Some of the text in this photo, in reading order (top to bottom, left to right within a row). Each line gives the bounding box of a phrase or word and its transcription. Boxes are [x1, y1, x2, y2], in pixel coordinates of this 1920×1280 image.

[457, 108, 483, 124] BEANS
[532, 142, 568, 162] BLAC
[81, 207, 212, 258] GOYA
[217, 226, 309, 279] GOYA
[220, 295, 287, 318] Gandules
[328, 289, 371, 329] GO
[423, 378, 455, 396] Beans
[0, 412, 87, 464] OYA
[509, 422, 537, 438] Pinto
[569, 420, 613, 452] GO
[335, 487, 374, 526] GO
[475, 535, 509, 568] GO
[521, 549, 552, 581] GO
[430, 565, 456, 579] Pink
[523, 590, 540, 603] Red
☆ ☆ ☆
A word-for-word transcription of the material is required.

Some of the text in this photo, in reading order (top to bottom, left to right within a row). Each line gives the bounding box of a phrase or word and its transcription. Boxes are [x1, y1, x2, y2], in pixel coordinates of this 1920×1280 image.

[457, 108, 483, 124] BEANS
[532, 142, 568, 162] BLAC
[81, 207, 212, 258] GOYA
[217, 226, 309, 279] GOYA
[220, 295, 287, 318] Gandules
[328, 289, 371, 329] GO
[423, 378, 455, 396] Beans
[0, 412, 87, 464] OYA
[509, 422, 537, 438] Pinto
[569, 420, 613, 452] GO
[335, 487, 374, 526] GO
[475, 535, 509, 568] GO
[521, 549, 552, 581] GO
[430, 565, 456, 579] Pink
[523, 590, 540, 603] Red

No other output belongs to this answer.